#### DESCRIPTION OF THE TASK
Each line of the records must appear in your answer exactly, with no pictures.

───── EXTRACTED ENTRIES

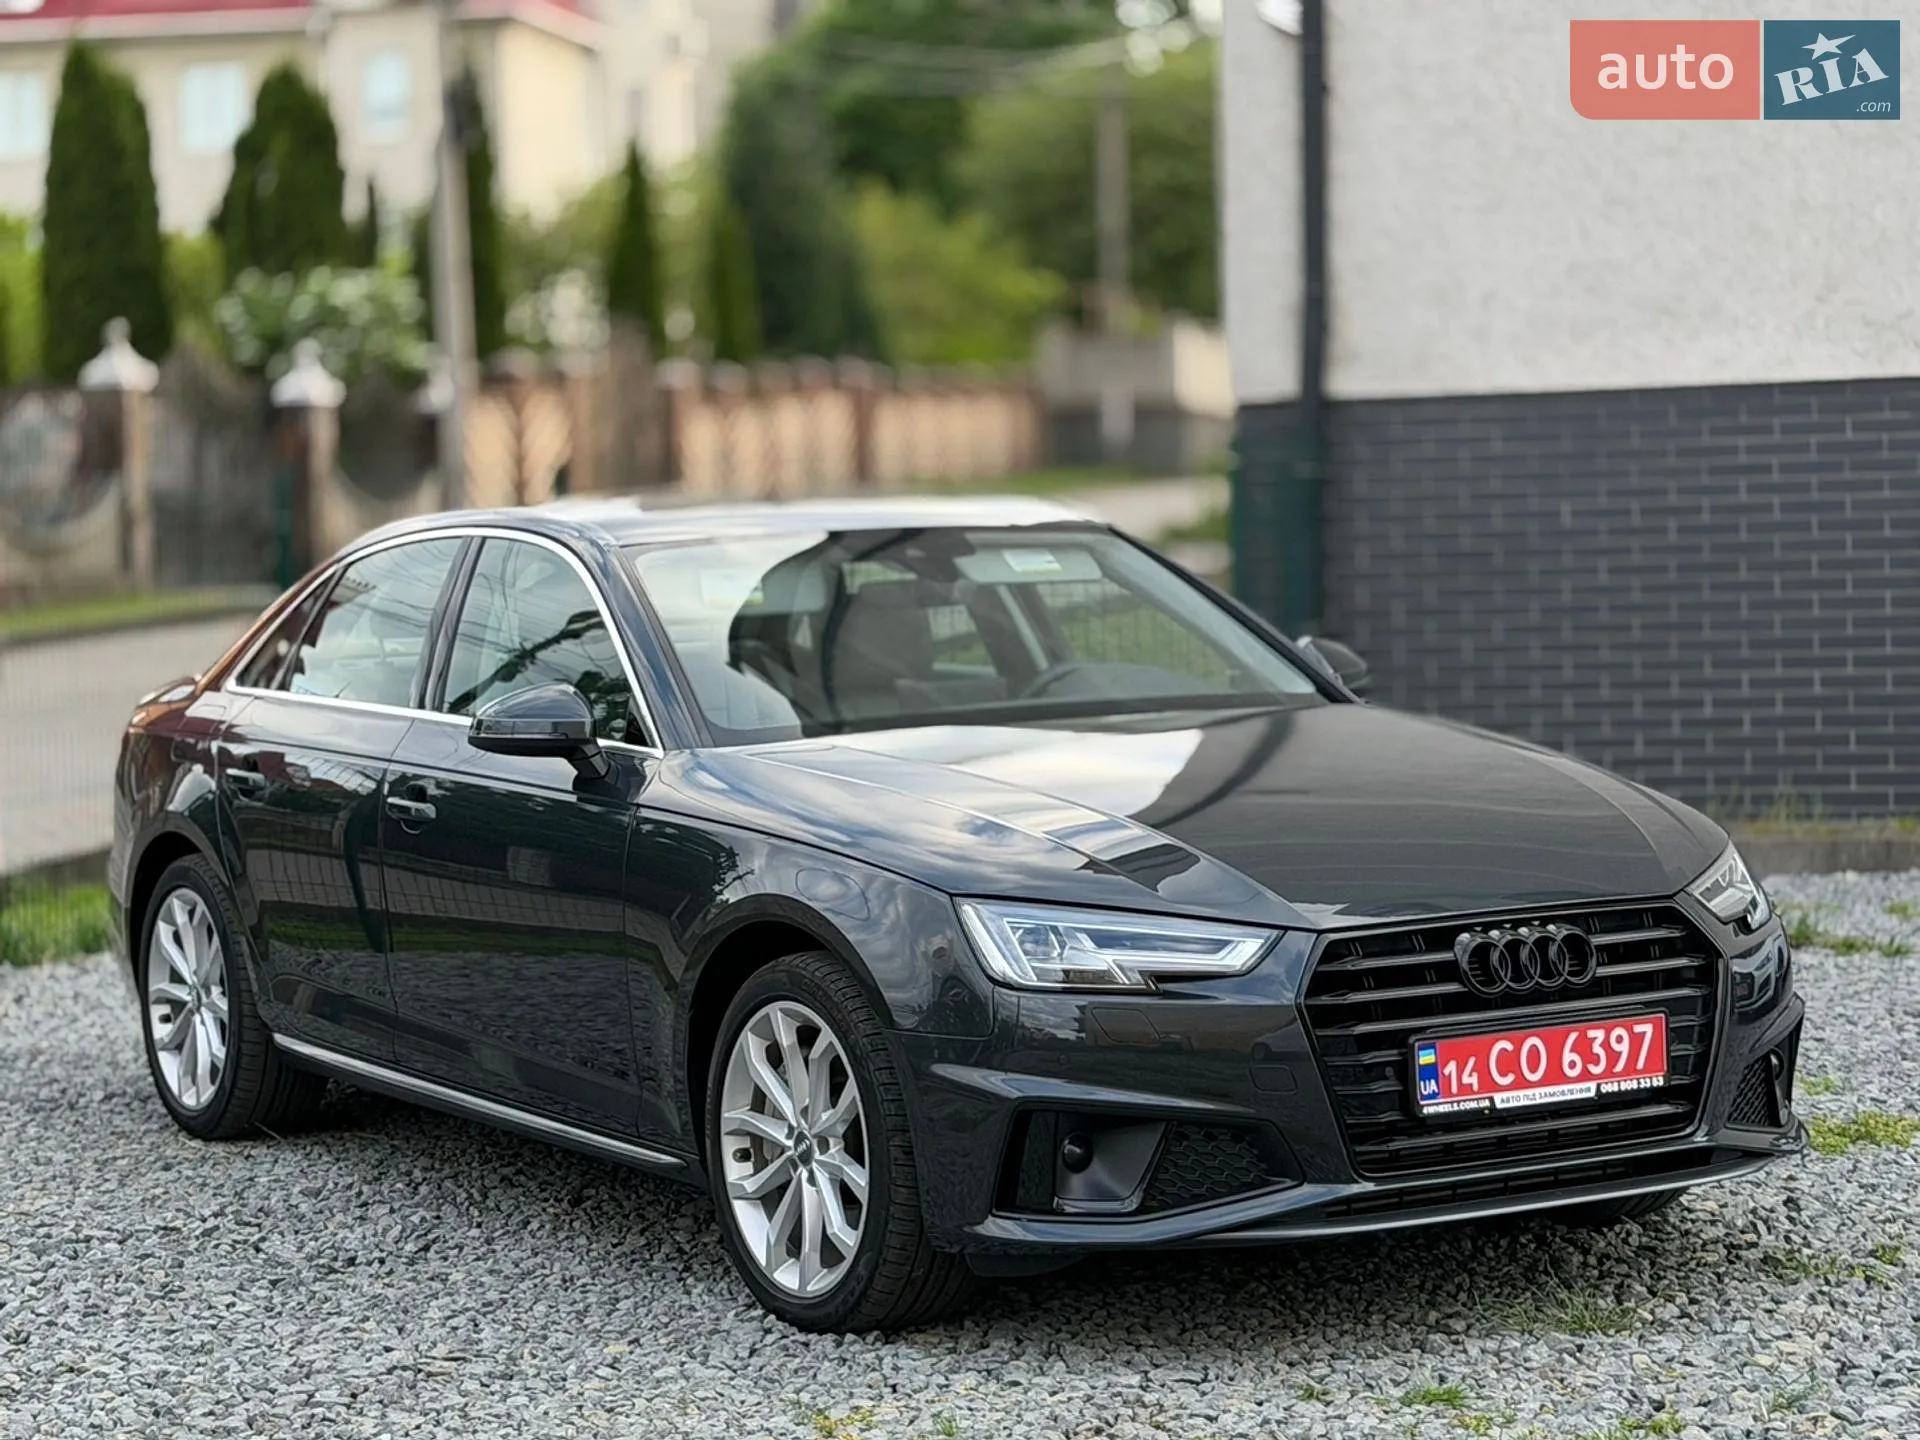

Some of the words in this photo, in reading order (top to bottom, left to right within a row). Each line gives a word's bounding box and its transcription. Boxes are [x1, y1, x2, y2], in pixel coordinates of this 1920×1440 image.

[1443, 1056, 1479, 1095] 14
[1488, 1036, 1548, 1086] CO
[1561, 1023, 1654, 1078] 6397
[1420, 1079, 1439, 1096] UA
[1499, 1094, 1522, 1105] АВТО
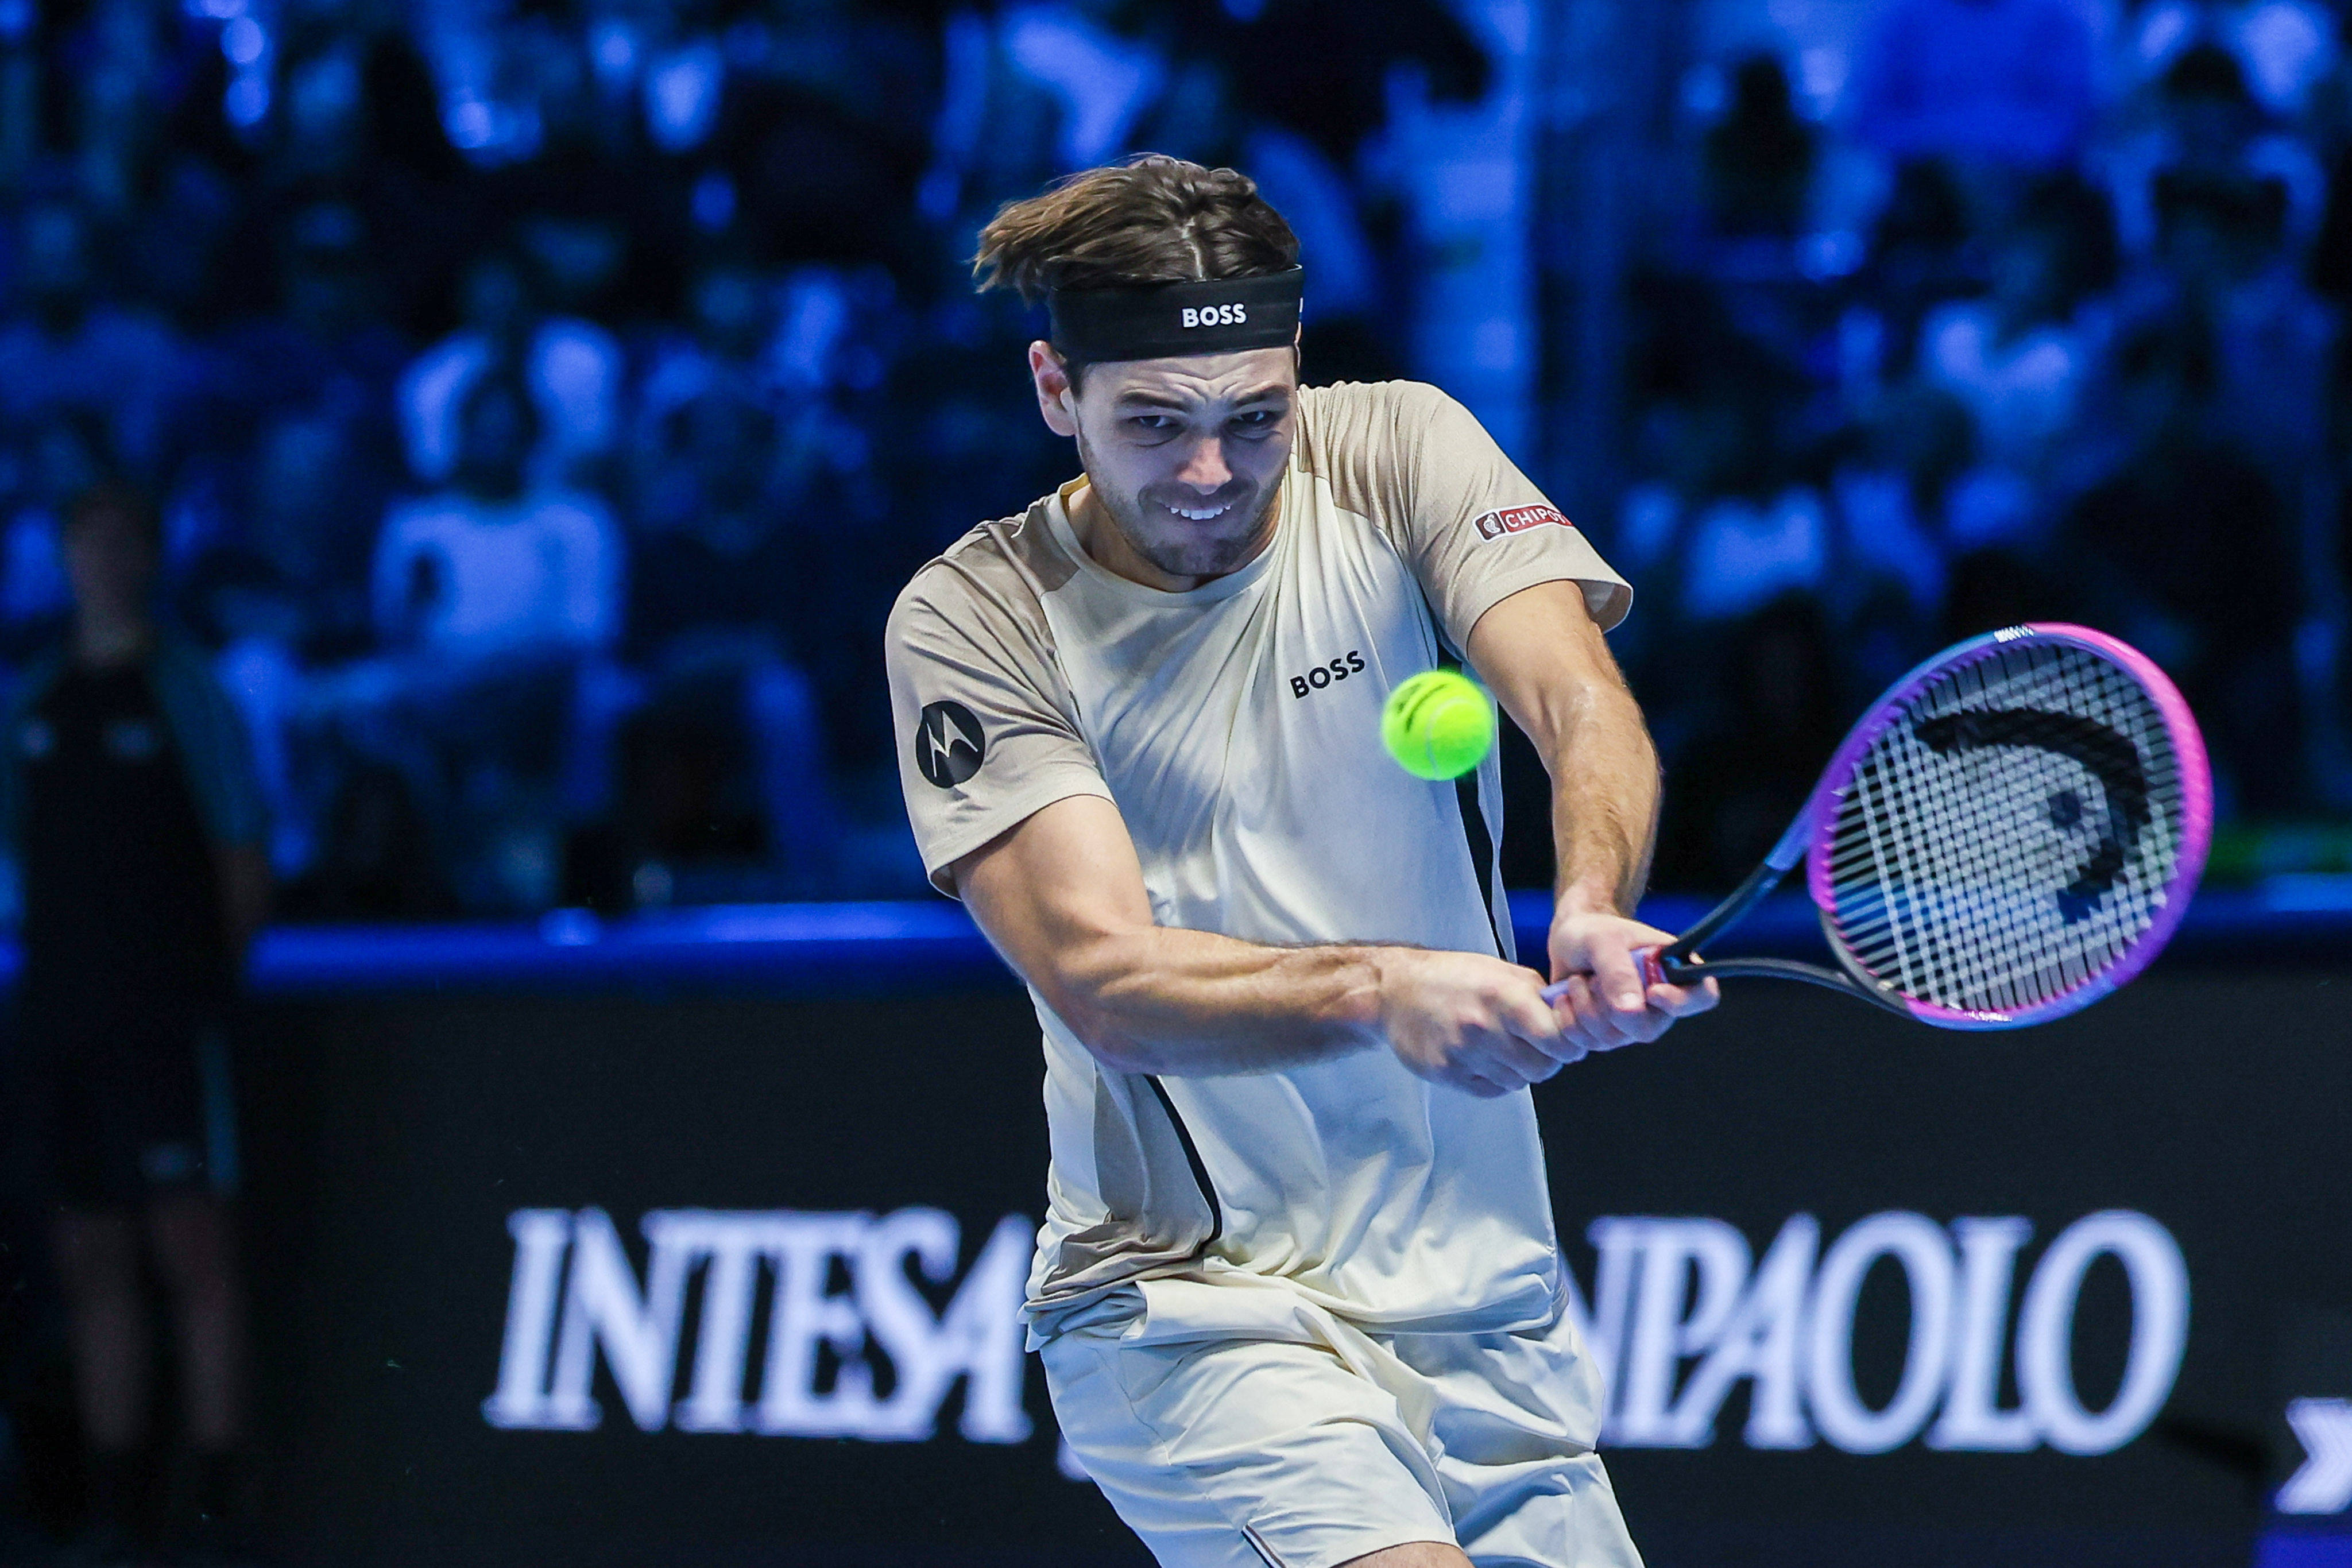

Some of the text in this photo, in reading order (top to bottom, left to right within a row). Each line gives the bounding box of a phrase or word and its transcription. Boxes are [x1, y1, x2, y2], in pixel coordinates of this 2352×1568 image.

[1182, 303, 1247, 328] BOSS
[1290, 650, 1365, 699] BOSS
[481, 1205, 1034, 1443] INTESA

──────────

#### RESPONSE FOR THIS EXERCISE
Some of the words in this photo, in reading order (top to bottom, left to right within a row). Each line gives a word's bounding box and its transcription. Boxes are [x1, y1, x2, y2], in pixel coordinates of this 1920×1440 image.

[1443, 1056, 1479, 1095] 14
[1488, 1036, 1548, 1086] CO
[1561, 1023, 1654, 1078] 6397
[1420, 1079, 1439, 1096] UA
[1499, 1094, 1522, 1105] АВТО

Some of the text in this photo, in reading order (top to bottom, left to right within a row). Each line gives the bounding box of a phrase or word and its transcription. Boxes are [x1, y1, x2, y2], in pixel coordinates of this 2352×1568 image.

[1182, 303, 1247, 328] BOSS
[1290, 650, 1365, 699] BOSS
[481, 1205, 1034, 1443] INTESA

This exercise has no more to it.